If that happens, Bianco is confident you can bet on "very high, punishingly high interest rates for the economy." And that storm may cause even more damage than the first.

The big fear is that there is so much leverage in the bond market right now, that when rates do start to rise, watch out, it could get real ugly, real fast.

Why should we be concerned about rising rates? Go back to read Paul Krugman's comment on Greece, where he ends with this ominous warning:

Equally important, however, we need to steer clear of deflation, or even excessively low inflation. Unlike Greece, we’re not stuck with someone else’s currency. But as Japan has demonstrated, even countries with their own currencies can get stuck in a deflationary trap.

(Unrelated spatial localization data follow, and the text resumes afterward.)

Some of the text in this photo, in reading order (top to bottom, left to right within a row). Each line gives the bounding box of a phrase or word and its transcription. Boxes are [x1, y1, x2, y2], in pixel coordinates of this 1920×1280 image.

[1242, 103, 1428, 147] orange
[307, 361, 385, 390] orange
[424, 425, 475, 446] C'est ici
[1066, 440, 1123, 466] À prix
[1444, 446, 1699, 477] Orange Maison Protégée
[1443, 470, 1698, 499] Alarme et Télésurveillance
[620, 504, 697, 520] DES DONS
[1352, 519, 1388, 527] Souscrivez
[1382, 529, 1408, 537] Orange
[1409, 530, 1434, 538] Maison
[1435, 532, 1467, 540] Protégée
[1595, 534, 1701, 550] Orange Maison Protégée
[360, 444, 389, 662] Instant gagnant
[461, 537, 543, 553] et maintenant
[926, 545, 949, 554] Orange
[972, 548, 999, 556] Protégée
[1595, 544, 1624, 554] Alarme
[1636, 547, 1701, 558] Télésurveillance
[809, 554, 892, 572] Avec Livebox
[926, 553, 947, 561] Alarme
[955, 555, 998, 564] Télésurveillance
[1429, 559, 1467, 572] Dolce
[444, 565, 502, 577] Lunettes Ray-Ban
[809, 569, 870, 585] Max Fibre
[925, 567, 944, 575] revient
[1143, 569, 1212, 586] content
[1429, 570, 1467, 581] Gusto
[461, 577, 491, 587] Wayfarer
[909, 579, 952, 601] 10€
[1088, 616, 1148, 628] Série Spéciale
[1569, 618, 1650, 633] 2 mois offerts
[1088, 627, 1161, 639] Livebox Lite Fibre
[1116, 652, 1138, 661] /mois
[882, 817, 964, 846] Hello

What worries me most about the U.S. situation right now is the rising clamor from inflation hawks, who want the Fed to raise rates (and the federal government to pull back from stimulus) even though employment has barely started to recover. If they get their way, they’ll perpetuate mass unemployment. But that’s not all. America’s public debt will be manageable if we eventually return to vigorous growth and moderate inflation. But if the tight-money people prevail, that won’t happen — and all bets will be off.

Let's hope the liquidity party continues. If rates rise too high, too soon, we're in deep trouble. Watch out, the second half of 2010 is getting more interesting. Are pensions prepared for a second wave of financial crisis? If not, it will be another bloodbath.